Variation in bronchiolitis management by race and ethnicity within emergency departments (EDs) has been described in single-center and prospective studies, but large-scale assessments across EDs and inpatient settings are lacking. Our objective is to describe the association between race and ethnicity and bronchiolitis management across 37 U.S. freestanding children's hospitals from 2015 to 2018. Using the Pediatric Health Information System, we analyzed ED and inpatient visits from November 2015 to November 2018 of children with bronchiolitis 3 to 24months old. Rates of use for specific diagnostic tests and therapeutic measures were compared across the following race/ethnicity categories: 1) non-Hispanic White (NHW), 2) non-Hispanic Black (NHB), 3) Hispanic, and 4) other. The subanalyses of ED patients only and children < 1year old were performed. Mixed-effect logistic regression was performed to compare the adjusted odds of receiving specific test/treatment using NHW children as the reference group.
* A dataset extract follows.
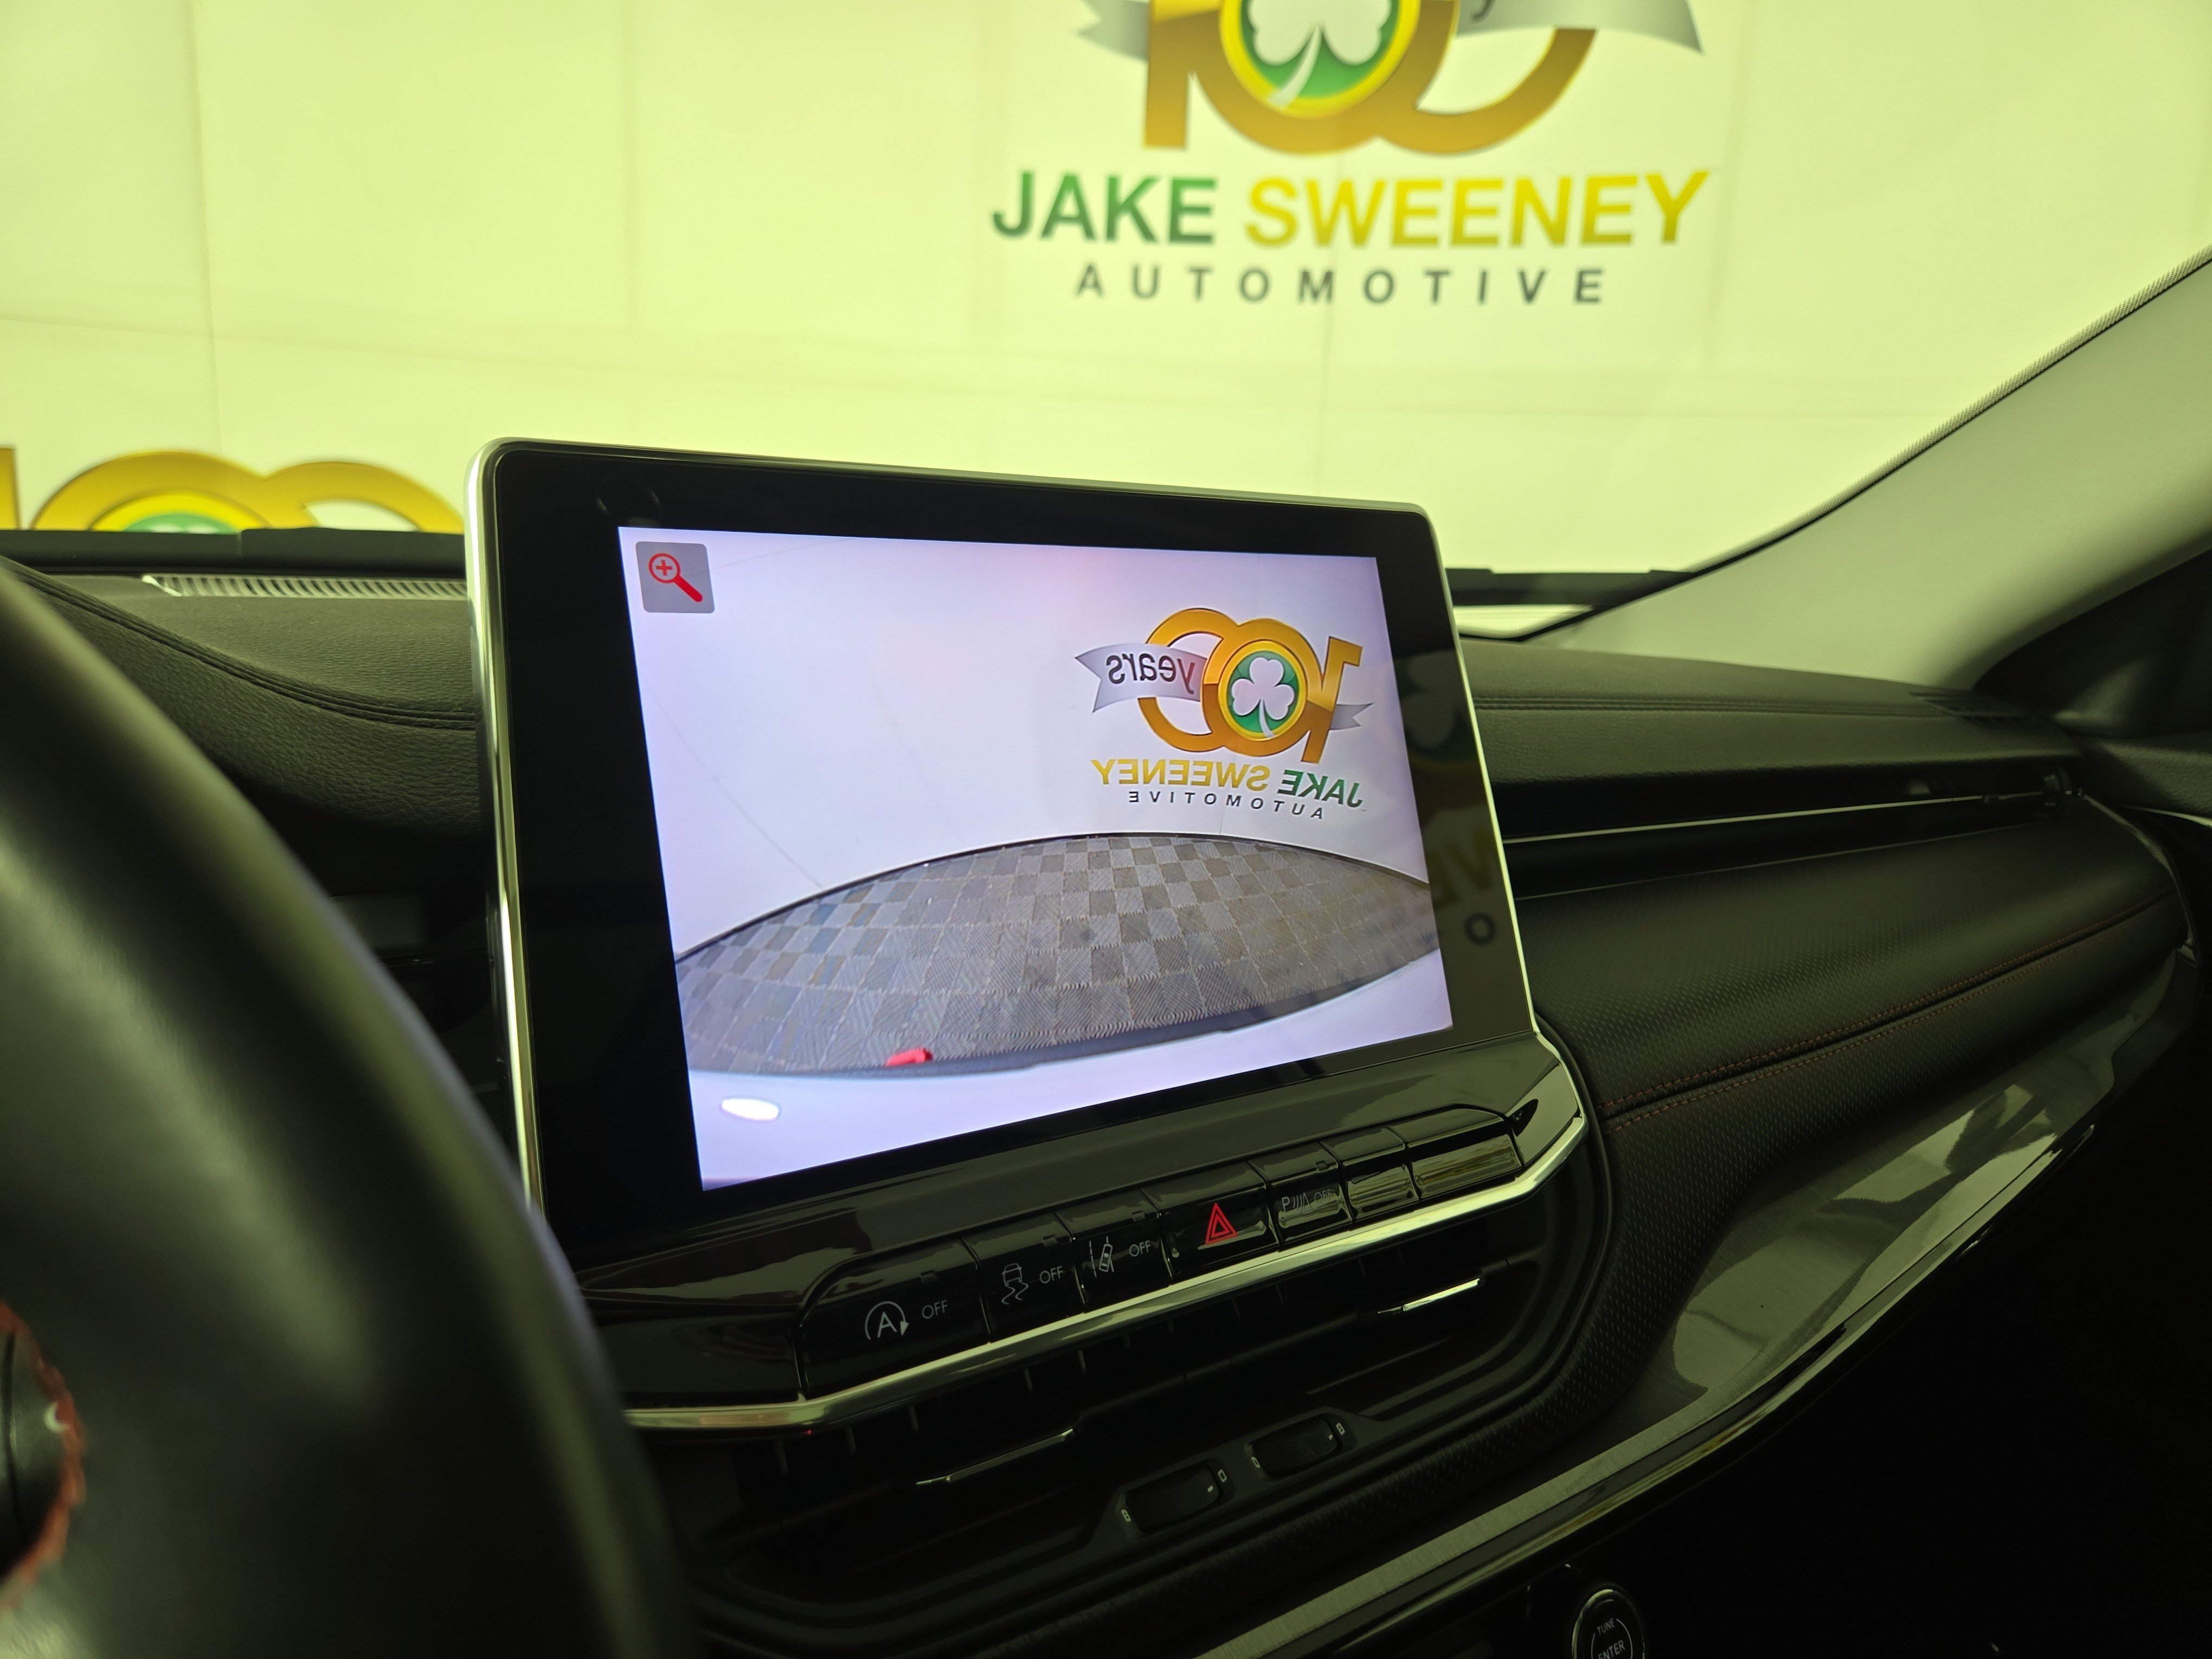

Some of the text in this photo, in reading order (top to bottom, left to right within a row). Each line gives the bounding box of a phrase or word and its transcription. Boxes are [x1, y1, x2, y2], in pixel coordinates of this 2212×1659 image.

A total of 134,487 patients met inclusion criteria (59% male, 28% NHB, 26% Hispanic). Adjusted analysis showed that NHB children had higher odds of receiving medication associated with asthma (odds ratio [OR]=1.27, 95% confidence interval [CI]=1.22 to 1.32) and lower odds of receiving diagnostic tests (blood cultures, complete blood counts, viral testing, chest x-rays; OR=0.78, 95% CI=0.75 to 0.81) and antibiotics (OR=0.58, 95% CI=0.52 to 0.64) than NHW children. Hispanic children had lower odds of receiving diagnostic testing (OR=0.94, 95% CI=0.90 to 0.98), asthma-associated medication (OR=0.92, 95% CI=0.88 to 0.96), and antibiotics (OR=0.74, 95% CI=0.66 to 0.82) compared to NHW children. NHB children more often receive corticosteroid and bronchodilator therapies; NHW children more often receive antibiotics and chest radiography. Given that current guidelines generally recommend supportive care with limited diagnostic testing and medical intervention, these findings among NHB and NHW children represent differing patterns of overtreatment. The underlying causes of these patterns require further investigation.